Hutchinson won the election, and his introduction was heartfelt, as he referenced how his father and his grandfather were union workers at Westinghouse.
“He has our backs,” he said of Biden, “just like we knew he would.”
• • •
Jenise Brown, one of 19 people standing behind Biden while he spoke, learned she’d be on stage shortly before the event began. She wore a “Women of Steel” T-shirt and, like those beside her, held a United Steelworkers sign.
“It was wild to get to meet him and be involved in the action,” said Brown, who, in addition to teaching kids about dinosaurs, co-chairs Carnegie Museum of Natural History’s Inclusion, Diversity, Equity and Accessibility (IDEA) Coalition and serves as president of United Museum Workers.
Her local, organized by the USW, just bargained its first contract, which has had a significant impact on workers — and managers.
“We have a good working relationship with upper management,” she said. “I think there’s been a culture shift now that [the contract] is in place. People have a place to go and someone to talk to, and we can take their concerns to management, and management listens. So there’s a lot of good back and forth that is happening. That’s good for the workers and good for management.”
She was thrilled to be chosen as one of those standing behind the president.

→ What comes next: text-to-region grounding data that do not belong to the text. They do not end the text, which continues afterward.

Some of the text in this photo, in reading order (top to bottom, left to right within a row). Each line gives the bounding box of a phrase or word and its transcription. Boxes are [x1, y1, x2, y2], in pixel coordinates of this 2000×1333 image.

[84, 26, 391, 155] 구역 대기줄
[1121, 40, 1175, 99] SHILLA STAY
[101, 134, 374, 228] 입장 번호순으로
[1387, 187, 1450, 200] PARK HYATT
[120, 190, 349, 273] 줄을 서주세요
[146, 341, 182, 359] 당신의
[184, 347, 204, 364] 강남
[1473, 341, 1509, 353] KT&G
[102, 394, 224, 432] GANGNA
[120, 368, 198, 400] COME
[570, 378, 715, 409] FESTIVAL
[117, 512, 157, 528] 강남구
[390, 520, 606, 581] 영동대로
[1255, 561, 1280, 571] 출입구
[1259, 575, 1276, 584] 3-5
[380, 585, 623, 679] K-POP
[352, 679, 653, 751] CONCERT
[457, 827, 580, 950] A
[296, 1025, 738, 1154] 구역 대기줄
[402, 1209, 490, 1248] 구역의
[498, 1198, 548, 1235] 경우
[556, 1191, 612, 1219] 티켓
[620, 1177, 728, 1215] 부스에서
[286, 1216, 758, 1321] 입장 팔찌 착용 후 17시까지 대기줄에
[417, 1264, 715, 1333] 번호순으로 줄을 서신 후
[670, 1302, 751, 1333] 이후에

“We’re kind of a baby local, a baby unit, so to get to be involved in something at this level makes me feel the Steelworkers are taking seriously both the big contracts in the steel industry, and all the big players that are so important, and also some of our little cultural and higher eds that are really starting to gain ground.”
• • •
• • •
Outside the USW building, the street and sidewalk at the corner of the Boulevard of the Allies and Stanwix Street across the street were lined with groups protesting Biden’s support for Israel in the conflict with Hamas and his economic policies. A group of striking Pittsburgh Post-Gazette workers also carried signs in an effort to make the president aware of their 18-month unfair labor practice strike.

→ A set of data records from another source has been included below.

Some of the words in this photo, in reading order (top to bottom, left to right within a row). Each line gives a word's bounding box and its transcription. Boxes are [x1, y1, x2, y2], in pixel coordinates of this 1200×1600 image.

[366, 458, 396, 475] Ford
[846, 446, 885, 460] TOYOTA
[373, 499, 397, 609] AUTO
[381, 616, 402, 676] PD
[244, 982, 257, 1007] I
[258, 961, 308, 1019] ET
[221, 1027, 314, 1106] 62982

Biden’s motorcade came down the ramp from the Fort Pitt Bridge to the Boulevard of the Allies at 1:40 p.m. Some of the vehicles lined up in front of the building, but Biden’s car followed one Pittsburgh police vehicle into the building’s underground garage and he apparently used an indoor elevator to get to his event, never going outside near the crowd.
But on the way back to the airport, he and his entourage stopped at a Sheetz store, where they picked up an order of sandwiches, and Gainey snapped a photo of Biden with a customer who was delighted to run into the president of the United States there.
Pittsburgh Union Progress staff writer Ed Blazina contributed to this report.